AIM OF THE EXERCISE = Retype the whole listing below, character for character.

AVAILABLE DATA below:

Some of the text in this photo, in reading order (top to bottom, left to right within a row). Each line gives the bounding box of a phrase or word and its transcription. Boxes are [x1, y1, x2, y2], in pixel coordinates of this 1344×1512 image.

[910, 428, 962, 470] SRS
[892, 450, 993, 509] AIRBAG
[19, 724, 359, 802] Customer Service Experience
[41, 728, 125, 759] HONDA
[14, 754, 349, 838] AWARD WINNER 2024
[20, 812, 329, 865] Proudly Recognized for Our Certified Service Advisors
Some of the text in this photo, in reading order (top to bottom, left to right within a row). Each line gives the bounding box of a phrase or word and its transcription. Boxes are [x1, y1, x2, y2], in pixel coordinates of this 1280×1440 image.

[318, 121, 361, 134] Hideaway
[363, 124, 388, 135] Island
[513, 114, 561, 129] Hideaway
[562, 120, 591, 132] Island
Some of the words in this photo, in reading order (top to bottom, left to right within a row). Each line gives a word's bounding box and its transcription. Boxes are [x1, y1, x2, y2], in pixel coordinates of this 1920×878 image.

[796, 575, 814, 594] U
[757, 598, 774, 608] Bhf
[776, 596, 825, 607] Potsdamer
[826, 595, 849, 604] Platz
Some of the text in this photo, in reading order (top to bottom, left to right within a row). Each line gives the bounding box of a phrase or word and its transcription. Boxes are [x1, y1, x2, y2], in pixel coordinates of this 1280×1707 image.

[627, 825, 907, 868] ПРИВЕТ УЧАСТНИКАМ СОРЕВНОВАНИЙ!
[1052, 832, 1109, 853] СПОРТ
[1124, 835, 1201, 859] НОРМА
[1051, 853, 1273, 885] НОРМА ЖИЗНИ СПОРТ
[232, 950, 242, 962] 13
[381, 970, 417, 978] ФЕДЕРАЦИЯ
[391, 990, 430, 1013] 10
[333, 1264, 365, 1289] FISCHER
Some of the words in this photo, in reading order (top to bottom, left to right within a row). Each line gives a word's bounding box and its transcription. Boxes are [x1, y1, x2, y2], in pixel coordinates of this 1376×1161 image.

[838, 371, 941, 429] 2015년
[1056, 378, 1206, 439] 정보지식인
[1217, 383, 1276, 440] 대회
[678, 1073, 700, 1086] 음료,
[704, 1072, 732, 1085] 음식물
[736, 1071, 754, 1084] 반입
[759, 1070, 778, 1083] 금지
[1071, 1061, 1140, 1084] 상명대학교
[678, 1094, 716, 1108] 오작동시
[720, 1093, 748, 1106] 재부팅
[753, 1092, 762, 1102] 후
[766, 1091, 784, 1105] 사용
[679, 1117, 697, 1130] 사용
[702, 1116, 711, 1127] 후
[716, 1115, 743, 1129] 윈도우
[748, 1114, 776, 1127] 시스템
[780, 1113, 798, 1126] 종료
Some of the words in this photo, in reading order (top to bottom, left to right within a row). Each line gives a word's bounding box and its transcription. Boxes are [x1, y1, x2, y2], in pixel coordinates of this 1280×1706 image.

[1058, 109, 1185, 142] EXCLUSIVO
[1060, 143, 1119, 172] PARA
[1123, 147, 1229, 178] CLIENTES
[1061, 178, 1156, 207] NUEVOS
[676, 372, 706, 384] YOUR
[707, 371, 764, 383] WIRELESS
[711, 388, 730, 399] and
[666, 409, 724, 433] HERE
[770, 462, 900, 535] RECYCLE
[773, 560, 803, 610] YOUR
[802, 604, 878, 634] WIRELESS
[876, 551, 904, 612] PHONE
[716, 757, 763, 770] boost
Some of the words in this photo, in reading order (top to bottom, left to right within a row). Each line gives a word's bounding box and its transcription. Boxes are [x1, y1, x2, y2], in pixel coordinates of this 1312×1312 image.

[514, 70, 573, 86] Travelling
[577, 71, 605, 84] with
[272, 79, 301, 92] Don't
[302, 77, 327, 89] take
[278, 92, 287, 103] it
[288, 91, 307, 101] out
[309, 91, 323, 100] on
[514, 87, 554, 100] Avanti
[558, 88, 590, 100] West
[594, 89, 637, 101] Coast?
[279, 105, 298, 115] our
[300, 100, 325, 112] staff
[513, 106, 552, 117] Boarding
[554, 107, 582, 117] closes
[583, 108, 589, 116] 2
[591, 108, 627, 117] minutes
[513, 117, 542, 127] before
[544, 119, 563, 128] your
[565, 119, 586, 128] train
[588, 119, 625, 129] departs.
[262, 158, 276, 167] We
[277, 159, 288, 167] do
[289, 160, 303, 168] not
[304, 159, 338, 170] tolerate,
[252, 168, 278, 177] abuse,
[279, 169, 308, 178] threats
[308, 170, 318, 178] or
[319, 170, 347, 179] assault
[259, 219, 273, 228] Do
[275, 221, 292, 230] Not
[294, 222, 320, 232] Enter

End of AVAILABLE DATA.

COMPLETED EXERCISE =
Some of the text in this photo, in reading order (top to bottom, left to right within a row). Each line gives the bounding box of a phrase or word and its transcription. Boxes are [x1, y1, x2, y2], in pixel coordinates of this 1344×1512 image.

[910, 428, 962, 470] SRS
[892, 450, 993, 509] AIRBAG
[19, 724, 359, 802] Customer Service Experience
[41, 728, 125, 759] HONDA
[14, 754, 349, 838] AWARD WINNER 2024
[20, 812, 329, 865] Proudly Recognized for Our Certified Service Advisors
Some of the text in this photo, in reading order (top to bottom, left to right within a row). Each line gives the bounding box of a phrase or word and its transcription. Boxes are [x1, y1, x2, y2], in pixel coordinates of this 1280×1440 image.

[318, 121, 361, 134] Hideaway
[363, 124, 388, 135] Island
[513, 114, 561, 129] Hideaway
[562, 120, 591, 132] Island
Some of the words in this photo, in reading order (top to bottom, left to right within a row). Each line gives a word's bounding box and its transcription. Boxes are [x1, y1, x2, y2], in pixel coordinates of this 1920×878 image.

[796, 575, 814, 594] U
[757, 598, 774, 608] Bhf
[776, 596, 825, 607] Potsdamer
[826, 595, 849, 604] Platz
Some of the text in this photo, in reading order (top to bottom, left to right within a row). Each line gives the bounding box of a phrase or word and its transcription. Boxes are [x1, y1, x2, y2], in pixel coordinates of this 1280×1707 image.

[627, 825, 907, 868] ПРИВЕТ УЧАСТНИКАМ СОРЕВНОВАНИЙ!
[1052, 832, 1109, 853] СПОРТ
[1124, 835, 1201, 859] НОРМА
[1051, 853, 1273, 885] НОРМА ЖИЗНИ СПОРТ
[232, 950, 242, 962] 13
[381, 970, 417, 978] ФЕДЕРАЦИЯ
[391, 990, 430, 1013] 10
[333, 1264, 365, 1289] FISCHER
Some of the words in this photo, in reading order (top to bottom, left to right within a row). Each line gives a word's bounding box and its transcription. Boxes are [x1, y1, x2, y2], in pixel coordinates of this 1376×1161 image.

[838, 371, 941, 429] 2015년
[1056, 378, 1206, 439] 정보지식인
[1217, 383, 1276, 440] 대회
[678, 1073, 700, 1086] 음료,
[704, 1072, 732, 1085] 음식물
[736, 1071, 754, 1084] 반입
[759, 1070, 778, 1083] 금지
[1071, 1061, 1140, 1084] 상명대학교
[678, 1094, 716, 1108] 오작동시
[720, 1093, 748, 1106] 재부팅
[753, 1092, 762, 1102] 후
[766, 1091, 784, 1105] 사용
[679, 1117, 697, 1130] 사용
[702, 1116, 711, 1127] 후
[716, 1115, 743, 1129] 윈도우
[748, 1114, 776, 1127] 시스템
[780, 1113, 798, 1126] 종료
Some of the words in this photo, in reading order (top to bottom, left to right within a row). Each line gives a word's bounding box and its transcription. Boxes are [x1, y1, x2, y2], in pixel coordinates of this 1280×1706 image.

[1058, 109, 1185, 142] EXCLUSIVO
[1060, 143, 1119, 172] PARA
[1123, 147, 1229, 178] CLIENTES
[1061, 178, 1156, 207] NUEVOS
[676, 372, 706, 384] YOUR
[707, 371, 764, 383] WIRELESS
[711, 388, 730, 399] and
[666, 409, 724, 433] HERE
[770, 462, 900, 535] RECYCLE
[773, 560, 803, 610] YOUR
[802, 604, 878, 634] WIRELESS
[876, 551, 904, 612] PHONE
[716, 757, 763, 770] boost
Some of the words in this photo, in reading order (top to bottom, left to right within a row). Each line gives a word's bounding box and its transcription. Boxes are [x1, y1, x2, y2], in pixel coordinates of this 1312×1312 image.

[514, 70, 573, 86] Travelling
[577, 71, 605, 84] with
[272, 79, 301, 92] Don't
[302, 77, 327, 89] take
[278, 92, 287, 103] it
[288, 91, 307, 101] out
[309, 91, 323, 100] on
[514, 87, 554, 100] Avanti
[558, 88, 590, 100] West
[594, 89, 637, 101] Coast?
[279, 105, 298, 115] our
[300, 100, 325, 112] staff
[513, 106, 552, 117] Boarding
[554, 107, 582, 117] closes
[583, 108, 589, 116] 2
[591, 108, 627, 117] minutes
[513, 117, 542, 127] before
[544, 119, 563, 128] your
[565, 119, 586, 128] train
[588, 119, 625, 129] departs.
[262, 158, 276, 167] We
[277, 159, 288, 167] do
[289, 160, 303, 168] not
[304, 159, 338, 170] tolerate,
[252, 168, 278, 177] abuse,
[279, 169, 308, 178] threats
[308, 170, 318, 178] or
[319, 170, 347, 179] assault
[259, 219, 273, 228] Do
[275, 221, 292, 230] Not
[294, 222, 320, 232] Enter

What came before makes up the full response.